Déplacer des montagnes

«Si nous voulons construire une autre piste, soit on envahit la France et on construit à Ferney, soit on déplace les montagnes du Jura», plaisante Bernard Stämpfli.

Autre accusation des opérateurs: le trafic régulier et celui des charters sont favorisés parce que les taxes d’atterrissage et des passagers génèrent plus de rentrées. Mais le directeur des opérations de l’aéroport de Genève, Xavier Wohlschlag, explique que l’aviation d’affaires n’est tout simplement pas une priorité de la concession fédérale de l’aéroport.

Quant à la demande de levée des restrictions de vols entre minuit et 6 heures pour des jets modernes et moins bruyants, les autorités l’excluent en invoquant les réglementations sur l’environnement et les nuisances sonores.

Tant Bernard Stämpfli que Xavier Wohlschlag soulignent que l’aviation d’affaires est importante pour Genève et qu’elle sera «strictement préservée» dans la politique de l’aéroport. Ils ajoutent que l’aéroport travaille avec les opérateurs afin d’optimiser l’utilisation du système de réservation des créneaux horaires et densifier le stationnement, qui pose lui aussi un problème.

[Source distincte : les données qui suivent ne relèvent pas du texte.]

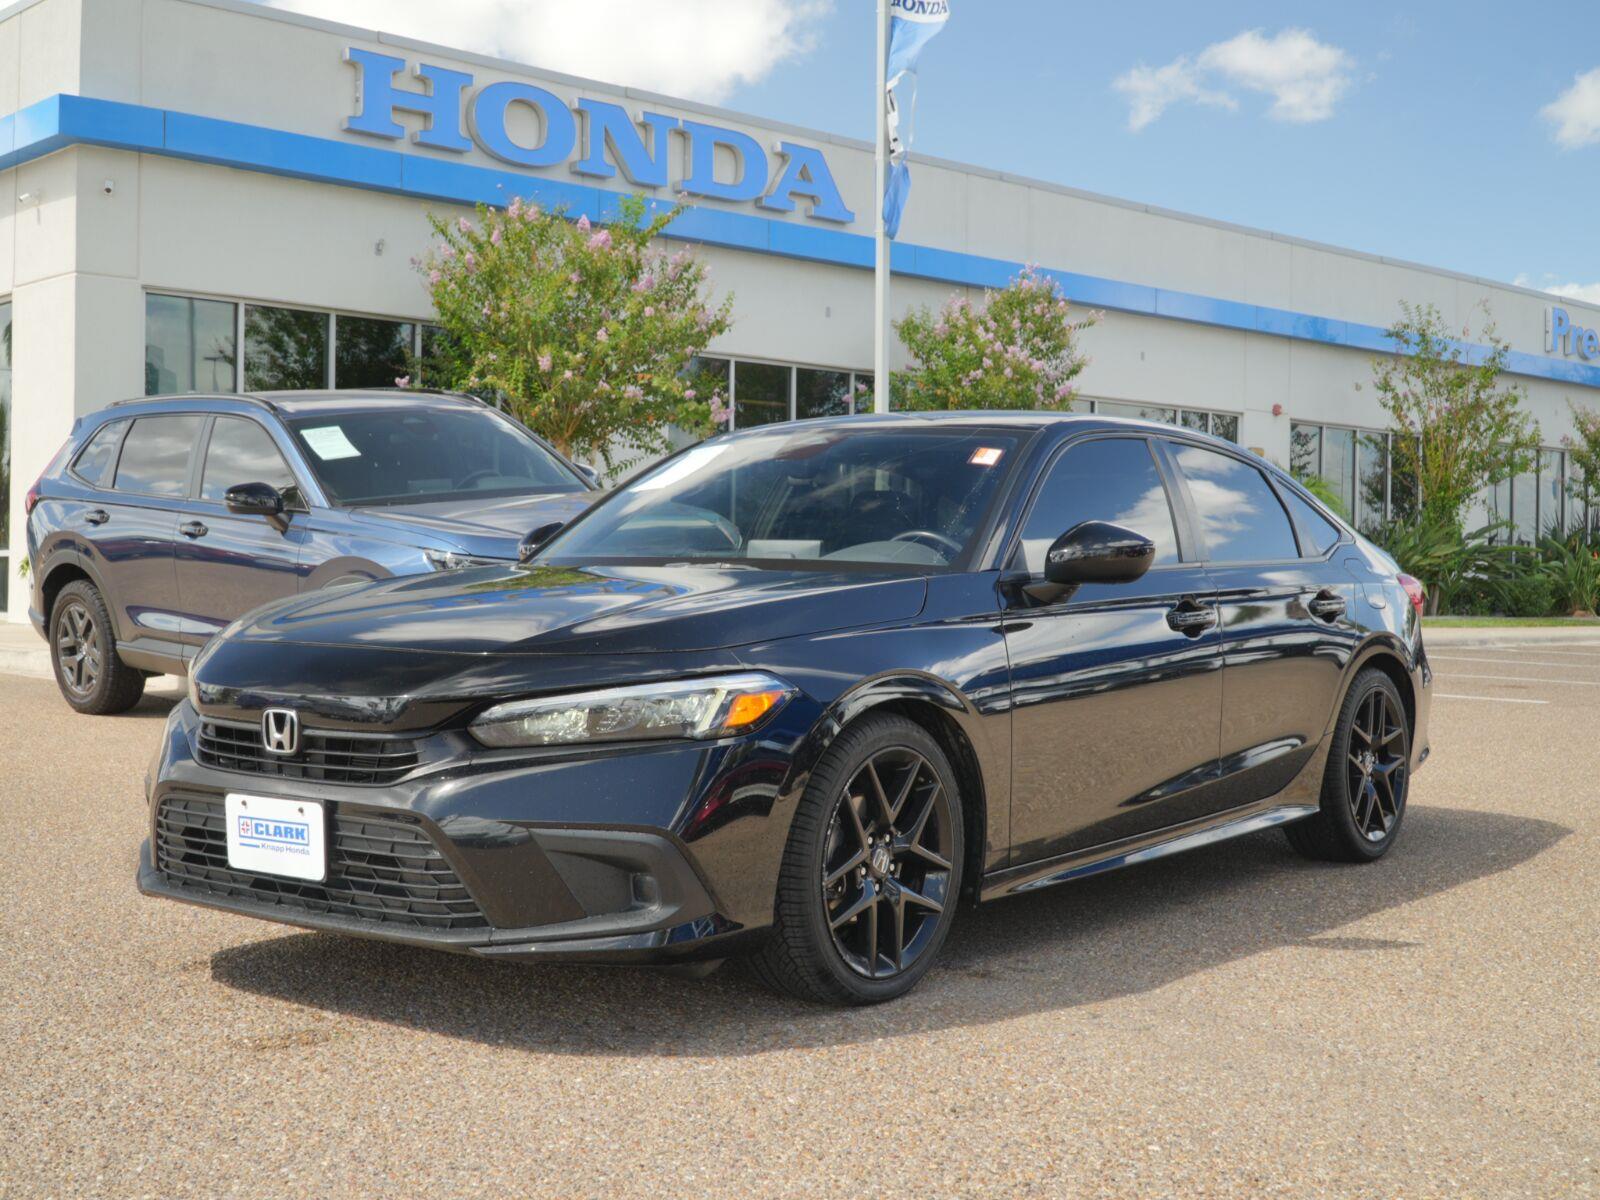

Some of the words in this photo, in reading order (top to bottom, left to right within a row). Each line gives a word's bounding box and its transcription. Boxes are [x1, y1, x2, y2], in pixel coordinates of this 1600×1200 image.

[344, 47, 855, 224] HONDA
[254, 822, 306, 841] CLARK
[286, 846, 310, 856] Honda

Bernard Stämpfli relève que l’aviation est un baromètre de l’économie. Quand les temps sont difficiles, les voyageurs de la classe affaires passent à la classe économique et ceux qui volent en jets privés prennent parfois des vols de ligne.

Malgré les «discours d’alarmistes» de certains opérateurs et propriétaires d’avions privés, la situation à Genève est «compliquée, mais très opérationnelle», souligne-t-il.